Free-text object descriptions
•••
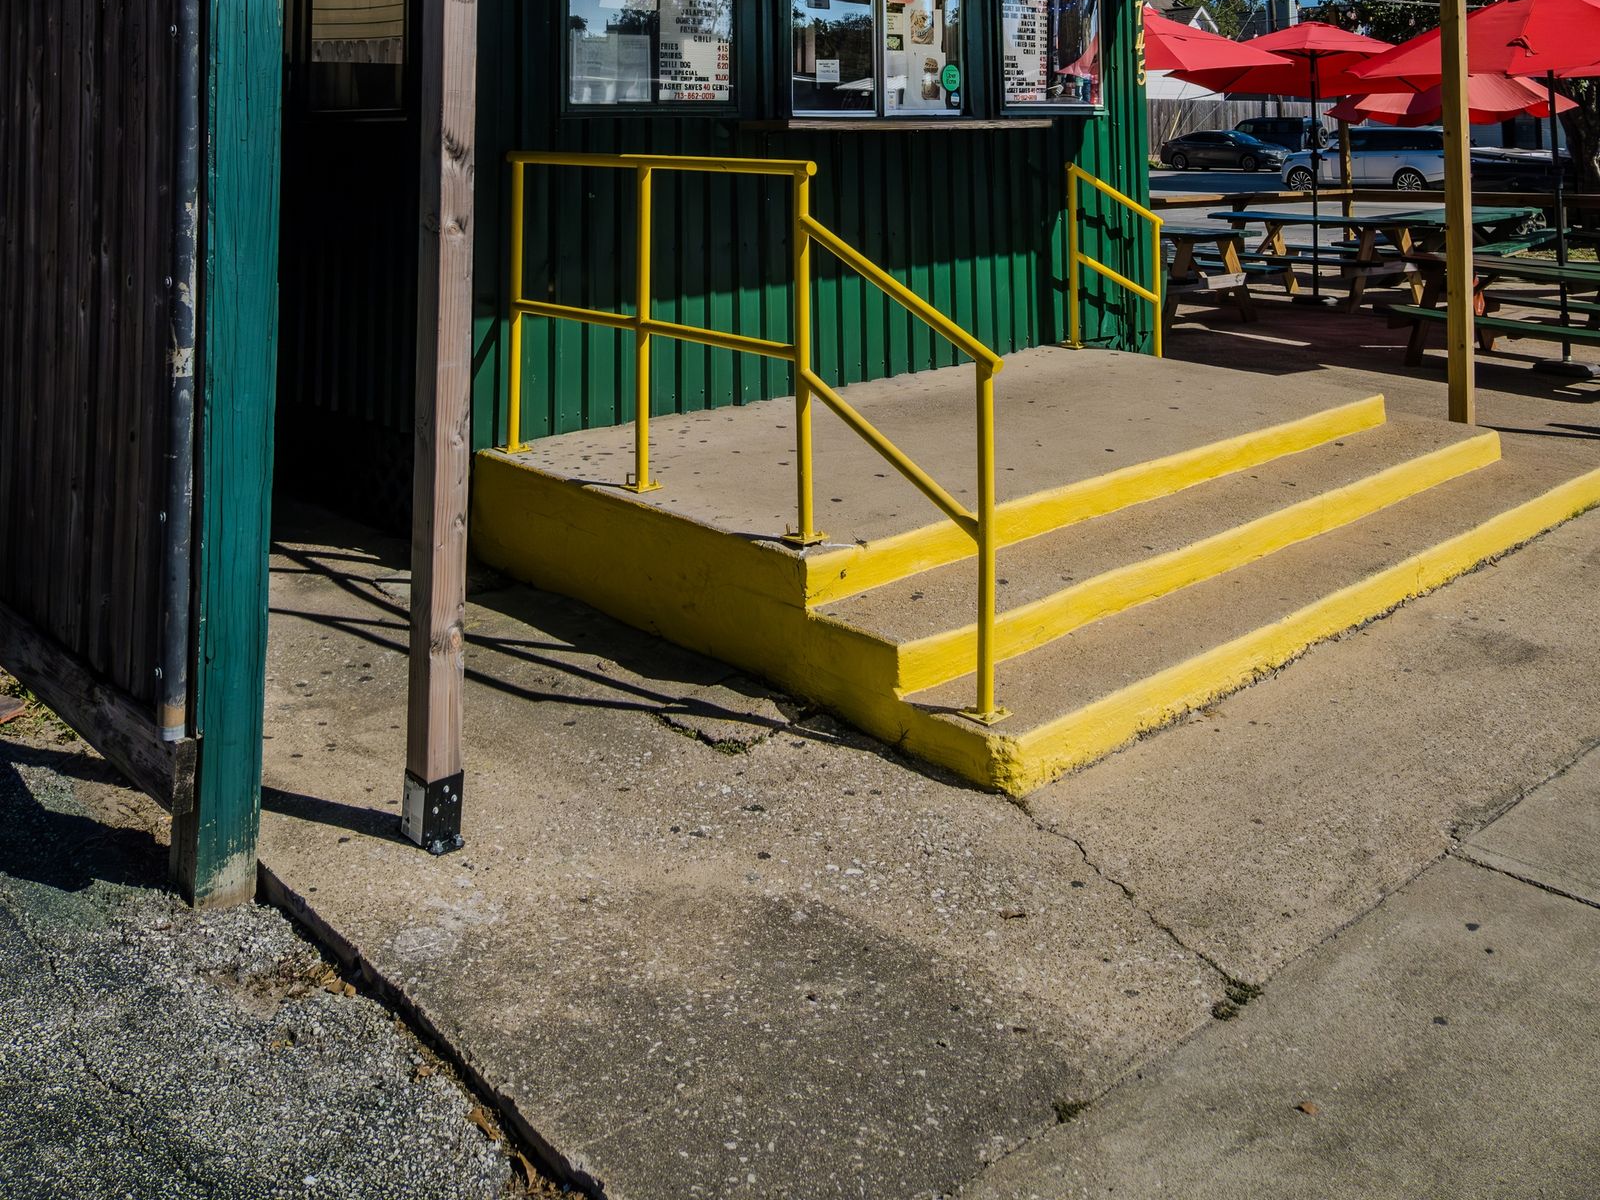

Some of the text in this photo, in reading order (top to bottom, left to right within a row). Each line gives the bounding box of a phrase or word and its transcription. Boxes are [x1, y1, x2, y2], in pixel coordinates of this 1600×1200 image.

[693, 35, 712, 43] CHILI
[1135, 0, 1147, 86] 745
[660, 42, 679, 50] FRIES
[660, 60, 677, 69] CHILI
[680, 61, 691, 69] DOG
[660, 82, 682, 91] BASKET
[684, 83, 703, 91] SAVES
[703, 83, 711, 91] 40
•••
Retype all the entries word for word; the pictures stay out.

Some of the text in this photo, in reading order (top to bottom, left to right within a row). Each line gives the bounding box of a phrase or word and its transcription. Boxes are [x1, y1, x2, y2], in pixel coordinates of this 1600×1200 image.

[693, 35, 712, 43] CHILI
[1135, 0, 1147, 86] 745
[660, 42, 679, 50] FRIES
[660, 60, 677, 69] CHILI
[680, 61, 691, 69] DOG
[660, 82, 682, 91] BASKET
[684, 83, 703, 91] SAVES
[703, 83, 711, 91] 40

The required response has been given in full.